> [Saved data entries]
=======

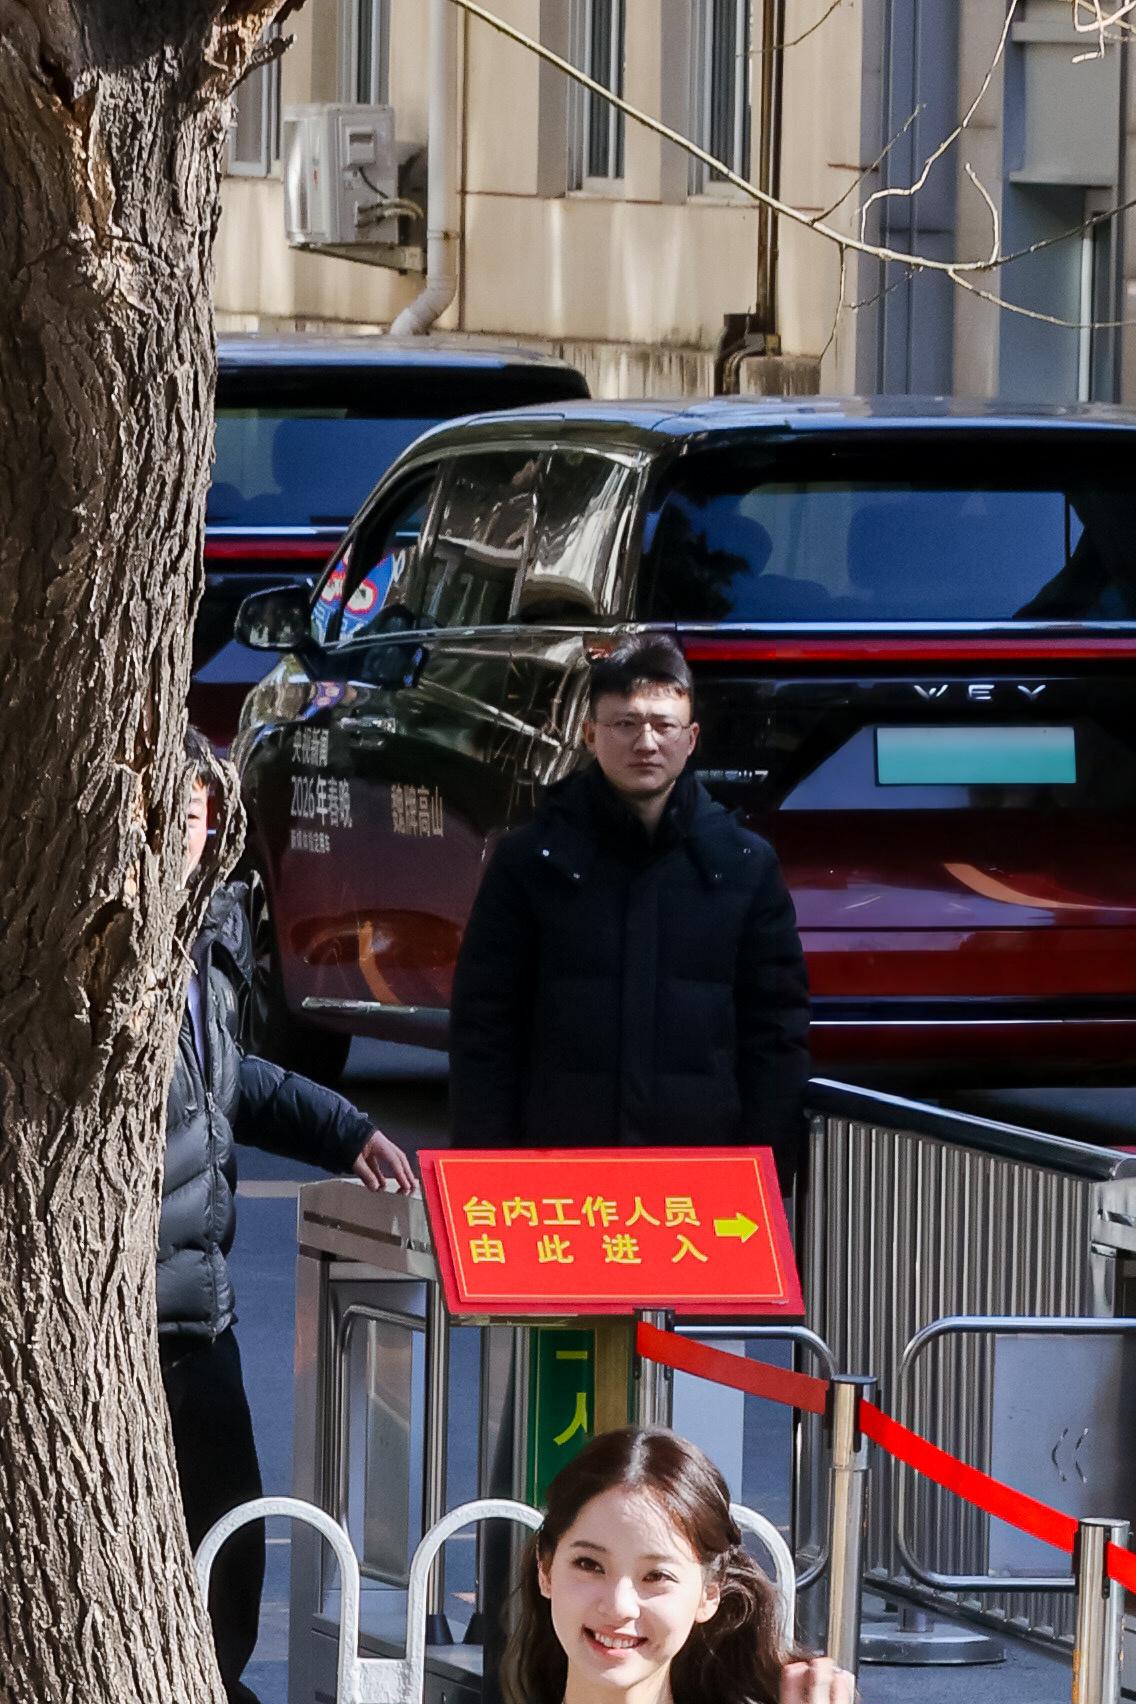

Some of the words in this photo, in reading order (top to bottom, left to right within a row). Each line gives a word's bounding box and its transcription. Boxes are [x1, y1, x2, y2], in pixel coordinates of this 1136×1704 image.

[913, 684, 1046, 700] WEY
[290, 773, 353, 828] 2026年春晚
[391, 784, 444, 837] 魏牌高山
[463, 1196, 701, 1228] 台内工作人员
[469, 1234, 708, 1264] 由此进入

=======

> [What you have to do]
Could you set down every entry above exactly as it stands, with no images?

> [Task output]
Some of the words in this photo, in reading order (top to bottom, left to right within a row). Each line gives a word's bounding box and its transcription. Boxes are [x1, y1, x2, y2], in pixel coordinates of this 1136×1704 image.

[913, 684, 1046, 700] WEY
[290, 773, 353, 828] 2026年春晚
[391, 784, 444, 837] 魏牌高山
[463, 1196, 701, 1228] 台内工作人员
[469, 1234, 708, 1264] 由此进入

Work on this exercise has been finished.